Dr. John Pepe and Dr. Richard Sherman (“Relators”), acting as whistleblowers, brought a qui tam action against Fresenius Medical Care Holdings, Fresenius Vascular Care, Inc., and Dr. Gregg Miller (“Defendants”). Relators’ complaint alleged that the Defendants engaged in fraudulent billing practices under the False Claims Act (“FCA”) and analogous state laws. Last week, the United States District Court for the Eastern District of New York dismissed Relators’ case because they failed to plead their allegations with particularity as required by Federal Rule of Civil Procedure 9(b).

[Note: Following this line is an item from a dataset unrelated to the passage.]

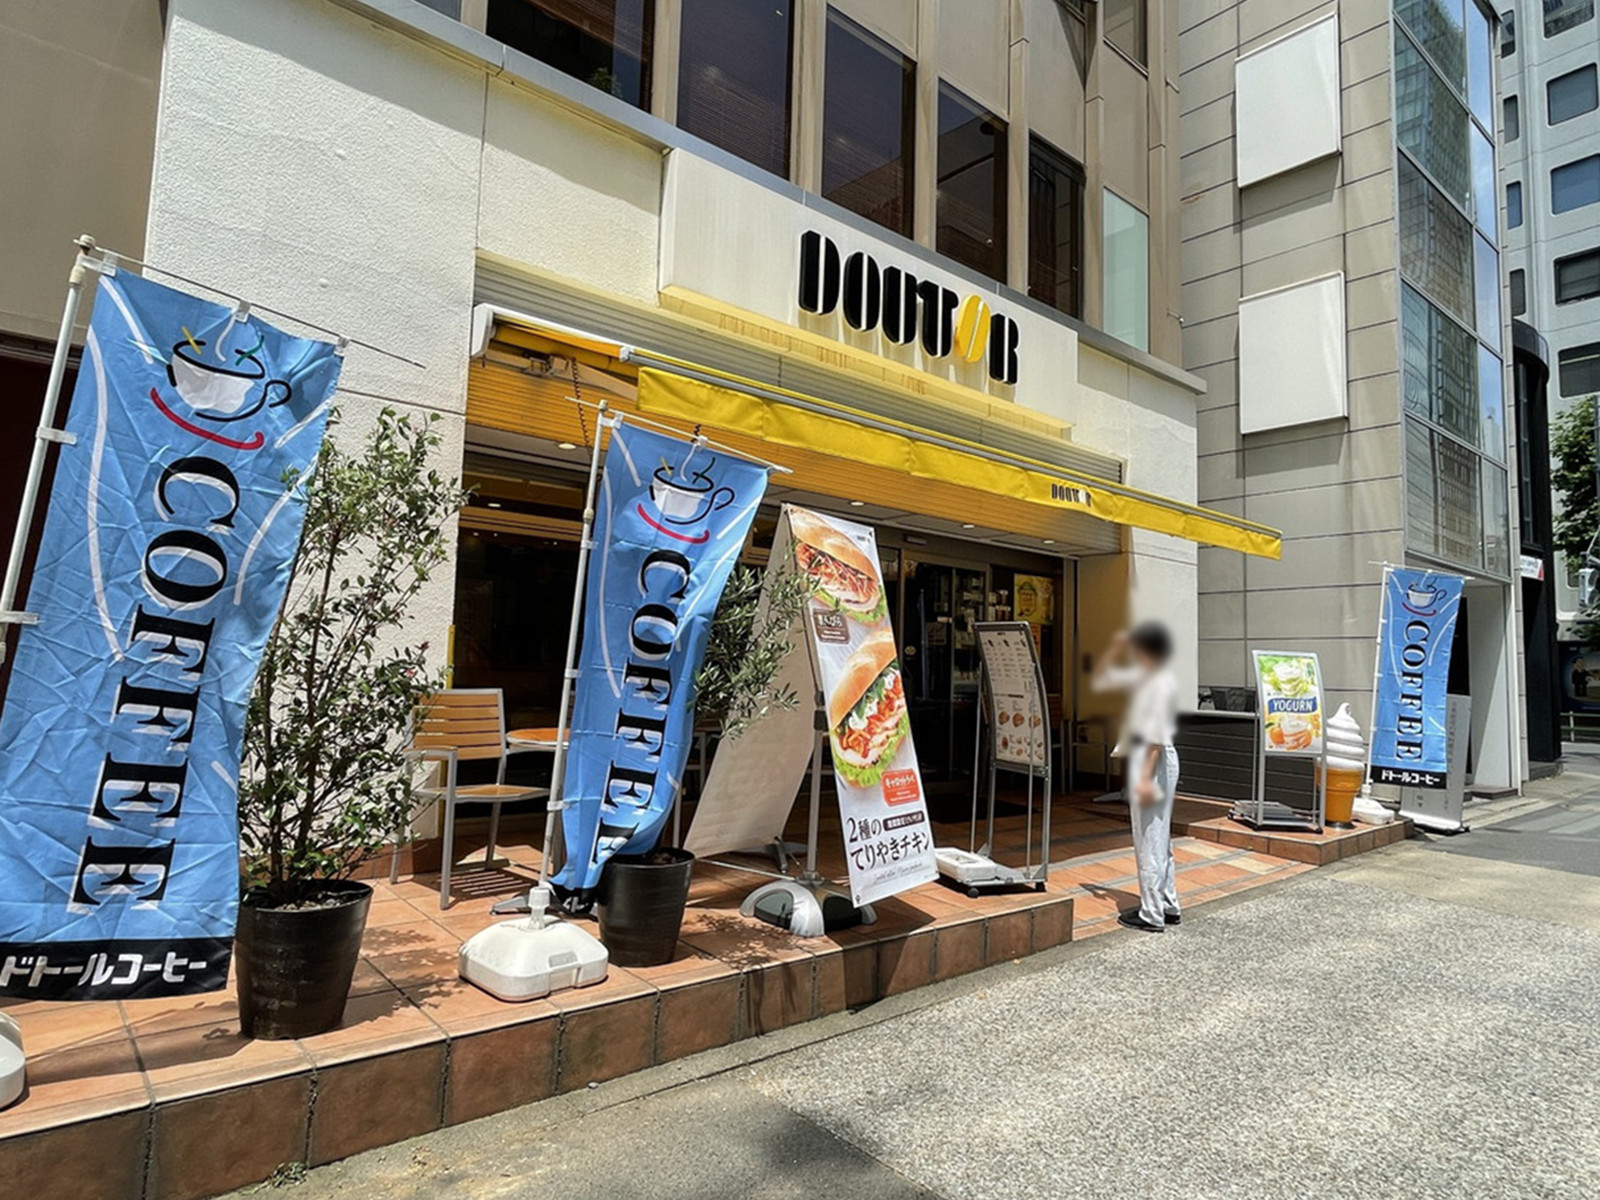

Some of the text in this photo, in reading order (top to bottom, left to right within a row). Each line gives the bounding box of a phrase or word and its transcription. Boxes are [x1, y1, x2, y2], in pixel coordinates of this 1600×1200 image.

Relators accused Defendants of systematically defrauding Medicare and Medicaid by performing unnecessary medical procedures and billing the government for these services. The alleged fraudulent activities included: (1) scheduling follow-up visits for patients without proper referrals from treating physicians; (2) billing for medically unnecessary x-rays and other procedure; (3) falsifying patient records to include non-existent or insufficient reasons for the follow-up visits; and (4) creating prohibited financial incentive policies to encourage unnecessary procedures.
The court’s analysis revolved around the application of Rule 9(b), which requires that allegations of fraud be pleaded with particularity. A complaint must provide detailed information about the who, what, when, where, and how of the alleged fraudulent activities. Here, the court found that the Relators failed to meet this standard for several reasons:
- A Lack of Specific Examples: While Relators provided examples of fraudulent activities involving six patients, these examples were limited to a small geographic area. The court determined that these examples were insufficient to support allegations of nationwide fraud.
- Generalized Allegations: Relators’ claims were often based on generalized assertions and speculation rather than specific, detailed facts. For instance, Relators alleged that Fresenius’s financial incentive policies encouraged fraud but did not provide concrete examples linking these policies to specific claims.
- Insufficient Connection to Billing: The court noted that Relators failed to connect the alleged fraudulent activities to specific claims submitted to the government. Without this connection, the court could not reasonably infer that the fraud was widespread.
This holding underscores the importance of pleading fraud with particularity and the difficulties of proving nationwide fraud without detailed, specific allegations. Going forward, individuals and entities targeted with qui tam actions can point to this case as setting a high bar for pleading FCA violations with particularity.